Awaiting him in the quarters will be American Taylor Fritz, who rallied from two sets down to beat fourth seed Alexander Zverev 4-6, 6-7(4), 6-4, 7-6(3), 6-3. Zverev’s struggles on grass continue -- he had never made it past the fourth round -- and Fritz, the ATP Eastbourne champion with solid grass court form, will be a stiff challenge for Musetti.

That Musetti would even make it this far at Wimbledon seemed a long shot at the start of the year. This season, in a way, mirrors Musetti’s career so far — an inconsistent run of form (his win-loss record was 18-17 coming into the Wimbledon), a five-setter with Djokovic at Roland Garros (this year he lost leading by two sets to one), a sudden eye-catching burst of results.

Part of Italy’s Davis Cup-winning squad last year who however featured (and lost) in just one singles match in the semi-finals, Musetti had a tottering start to the season. A second-round exit at the Australian Open was followed by three successive opening round defeats in ATP events in February. In March, he became a father. He then went back down to the second-tier Challenger tour, unusual for a top-30 player, to find some momentum. Which he did. He made two Challenger finals on clay, reached the semi-finals of the ATP Stuttgart on grass and went one better at Queen’s, losing to Tommy Paul in the final but building form and belief coming into this Wimbledon.

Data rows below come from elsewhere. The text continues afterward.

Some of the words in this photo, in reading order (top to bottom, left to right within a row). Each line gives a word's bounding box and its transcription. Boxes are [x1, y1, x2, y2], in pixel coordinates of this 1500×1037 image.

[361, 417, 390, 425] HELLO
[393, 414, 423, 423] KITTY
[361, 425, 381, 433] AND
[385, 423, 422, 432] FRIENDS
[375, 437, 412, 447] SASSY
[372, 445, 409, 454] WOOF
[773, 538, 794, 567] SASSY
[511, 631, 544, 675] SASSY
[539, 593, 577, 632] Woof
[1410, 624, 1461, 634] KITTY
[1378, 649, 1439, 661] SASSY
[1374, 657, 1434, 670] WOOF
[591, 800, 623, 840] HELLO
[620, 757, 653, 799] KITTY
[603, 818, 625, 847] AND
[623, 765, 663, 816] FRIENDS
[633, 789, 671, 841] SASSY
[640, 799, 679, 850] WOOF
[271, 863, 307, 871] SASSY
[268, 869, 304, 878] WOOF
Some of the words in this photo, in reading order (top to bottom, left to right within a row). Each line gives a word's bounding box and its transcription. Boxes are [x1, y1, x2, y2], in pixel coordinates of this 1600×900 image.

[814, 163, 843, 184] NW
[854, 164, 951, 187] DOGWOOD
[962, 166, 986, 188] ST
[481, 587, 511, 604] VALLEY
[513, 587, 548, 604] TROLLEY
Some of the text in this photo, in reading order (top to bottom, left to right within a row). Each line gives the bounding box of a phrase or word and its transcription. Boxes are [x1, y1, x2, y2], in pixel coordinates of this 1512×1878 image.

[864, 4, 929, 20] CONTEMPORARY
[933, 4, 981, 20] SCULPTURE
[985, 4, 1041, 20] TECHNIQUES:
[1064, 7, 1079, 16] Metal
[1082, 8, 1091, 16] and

“It’s been quite a year, really challenging with a lot of new experiences with the pregnancy of my girlfriend, and becoming a father. A lot of things happened and changed,” Musetti said. “I needed more time to find a balance on everything.”

It had taken some time for him before too. That 2021 French Open match against eventual champion Djokovic on his Slam main draw debut — he flew to a two-set lead until his body folded up — got everyone talking about the stylish Italian teen with the retro one-handed backhand. This was before the world had got hooked to the Sinner show. That tournament was followed by five straight first-round exits, including at the Tokyo Olympics. He won both his career’s ATP titles the following year and broke into the top 50 before another unflattering 2023 (32-29 win-loss record).

Musetti said the week in Paris and match with Djokovic three years ago changed his life, and he felt the pressure to manage all the things that come with it.

“I had some issues outside the tennis court that didn’t help,” Musetti told this paper during the 2022 ATP Maharashtra Open in Pune “But I’m young, I need to do mistakes, I need to fall down and then rise up. Because I think it’s the better way to understand the mistakes.”

Emotional Svitolina wins

Meanwhile, an emotional Elina Svitolina of Ukraine made the quarter-finals on what she said was a “difficult day for Ukranian people” after a Russian airstrike on a children’s hospital in Kyiv. Svitolina broke down after beating China’s Wang Xinyu 6-2, 6-1. She will next take on Russian-born Kazakh Elena Rybakina, who advanced after Anna Kalinskaya retired at 6-3, 3-0.